### [Work task]
All entries should be copied exactly; the pictures stay out.
Data for the task START
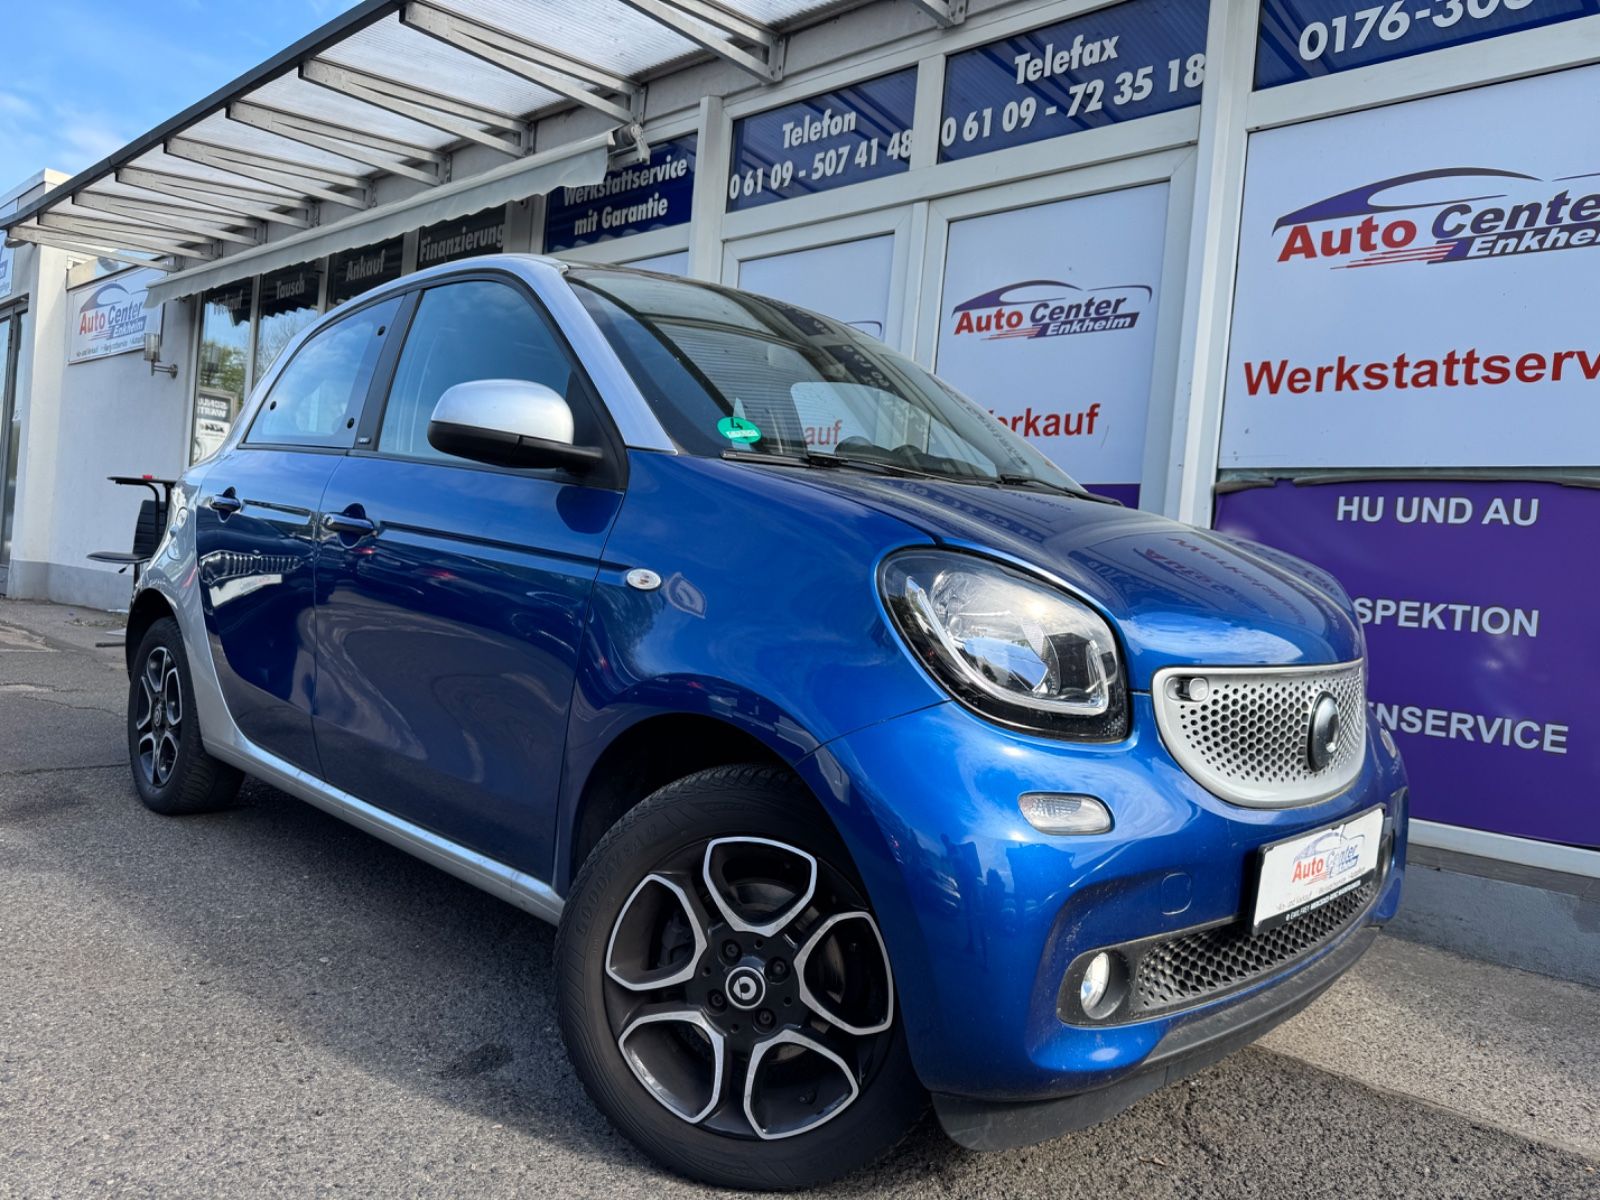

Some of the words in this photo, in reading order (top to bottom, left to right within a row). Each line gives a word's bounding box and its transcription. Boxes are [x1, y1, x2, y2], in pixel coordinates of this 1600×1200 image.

[1014, 34, 1120, 85] Telefax
[941, 117, 957, 147] 0
[962, 107, 993, 142] 61
[1002, 96, 1037, 132] 09
[1067, 79, 1105, 117] 72
[1113, 65, 1154, 105] 35
[1168, 53, 1206, 93] 18
[782, 108, 857, 149] Telefon
[563, 154, 688, 207] Werkstattservice
[729, 174, 740, 199] 0
[743, 168, 764, 196] 61
[770, 160, 794, 190] 09
[811, 144, 850, 180] 507
[855, 138, 878, 168] 41
[886, 128, 913, 160] 48
[574, 209, 599, 236] mit
[601, 192, 669, 229] Garantie
[1277, 215, 1417, 263] Auto
[1432, 189, 1600, 239] Cente
[419, 223, 504, 263] Finanzierung
[276, 271, 305, 300] Tausch
[345, 249, 386, 282] Ankauf
[79, 310, 106, 335] Auto
[108, 301, 143, 325] Center
[954, 308, 1023, 335] Auto
[1030, 296, 1128, 324] Center
[1047, 314, 1132, 336] Enkheim
[1244, 348, 1600, 396] Werkstattserv
[988, 402, 1101, 438] rkauf
[1336, 496, 1384, 522] HU
[1395, 497, 1473, 525] UND
[1481, 498, 1540, 526] AU
[1353, 597, 1540, 638] SPEKTION
[1367, 701, 1569, 754] NSERVICE
[1291, 856, 1325, 883] Auto
Data for the task END
### [Problem solution]
Some of the words in this photo, in reading order (top to bottom, left to right within a row). Each line gives a word's bounding box and its transcription. Boxes are [x1, y1, x2, y2], in pixel coordinates of this 1600×1200 image.

[1014, 34, 1120, 85] Telefax
[941, 117, 957, 147] 0
[962, 107, 993, 142] 61
[1002, 96, 1037, 132] 09
[1067, 79, 1105, 117] 72
[1113, 65, 1154, 105] 35
[1168, 53, 1206, 93] 18
[782, 108, 857, 149] Telefon
[563, 154, 688, 207] Werkstattservice
[729, 174, 740, 199] 0
[743, 168, 764, 196] 61
[770, 160, 794, 190] 09
[811, 144, 850, 180] 507
[855, 138, 878, 168] 41
[886, 128, 913, 160] 48
[574, 209, 599, 236] mit
[601, 192, 669, 229] Garantie
[1277, 215, 1417, 263] Auto
[1432, 189, 1600, 239] Cente
[419, 223, 504, 263] Finanzierung
[276, 271, 305, 300] Tausch
[345, 249, 386, 282] Ankauf
[79, 310, 106, 335] Auto
[108, 301, 143, 325] Center
[954, 308, 1023, 335] Auto
[1030, 296, 1128, 324] Center
[1047, 314, 1132, 336] Enkheim
[1244, 348, 1600, 396] Werkstattserv
[988, 402, 1101, 438] rkauf
[1336, 496, 1384, 522] HU
[1395, 497, 1473, 525] UND
[1481, 498, 1540, 526] AU
[1353, 597, 1540, 638] SPEKTION
[1367, 701, 1569, 754] NSERVICE
[1291, 856, 1325, 883] Auto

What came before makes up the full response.